New Intel dual-core beats AMD quad

EddieC

Intel tomorrow will officially unveil a pair of dual-core mobile processors with its Hyper threading technology, adding to its x86 line a low cost chip with performance akin to that of the company's i7, Pentium 4 and Xeon parts. The Core i3 and Core i5 processors, demonstrated by Hewlett-Packard and others at CES 2010 in Las Vegas through Sunday, also incorporate graphics functions on board, saving power and cost by eliminating the need for a separate graphics package.

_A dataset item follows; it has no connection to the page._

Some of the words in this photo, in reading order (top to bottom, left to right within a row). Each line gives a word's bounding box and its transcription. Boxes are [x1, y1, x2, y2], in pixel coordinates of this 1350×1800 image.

In a benchmark report published yesterday, the two-core i5 661 processor outperformed a quad-core Athlon II 640 running at 3GHz.With on-board graphics turned off, the i5 can overclock "well beyond 4GHz," according to the report. A six-core version is expected in the next few months. Formerly code-named Clarkdale for desktops and Arrandale for laptops, the Core i3 and Core i5 are the first processors available using Intel's 32nm process.

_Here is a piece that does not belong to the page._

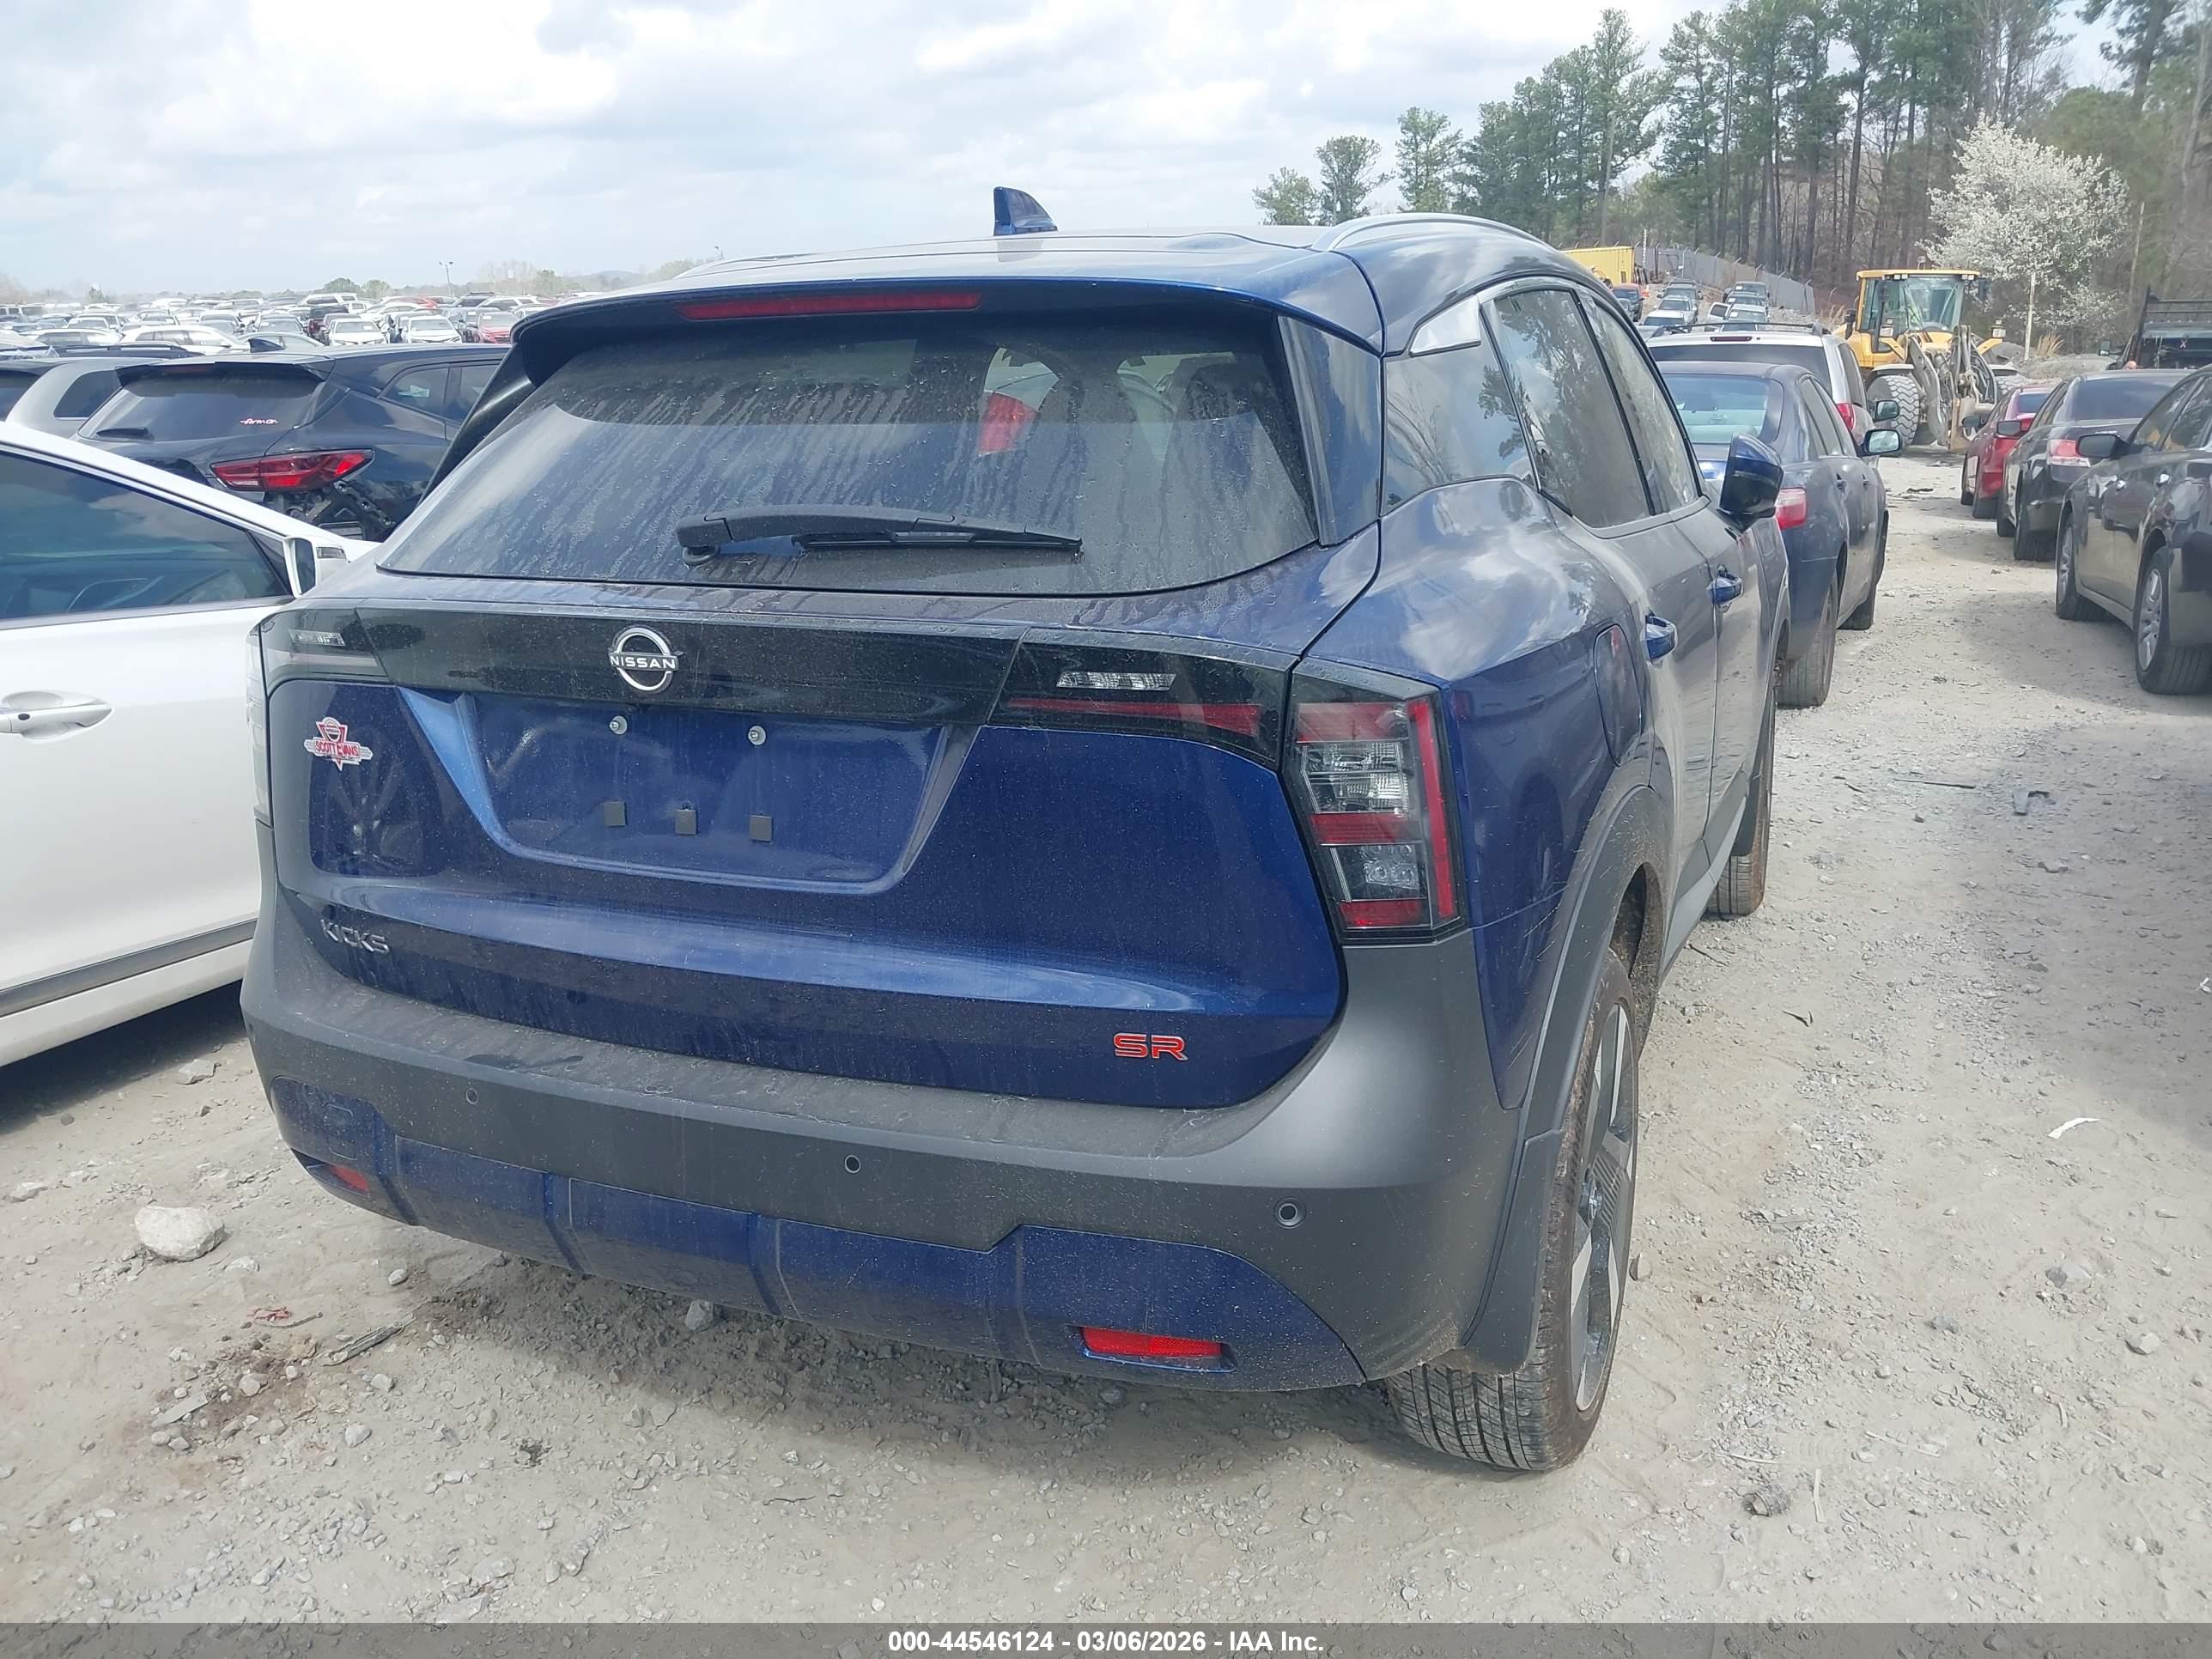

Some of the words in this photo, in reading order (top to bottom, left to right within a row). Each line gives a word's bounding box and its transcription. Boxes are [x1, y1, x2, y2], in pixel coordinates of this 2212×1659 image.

Only the i5, which is equipped with a feature called Turbo Boost, can automatically overclock to 2.26GHz based on processing and power efficiency requirements. The integrated GPU still uses a portly 45nm die, and will only work when used in a system that's also equipped with Intel's new H55 or H57 chips. The new chips also include a DDR3 memory controller. Loaded laptops built around the a Core i5 chip are expected to initially sell for around US$900, while i3-based machines will go for about $700.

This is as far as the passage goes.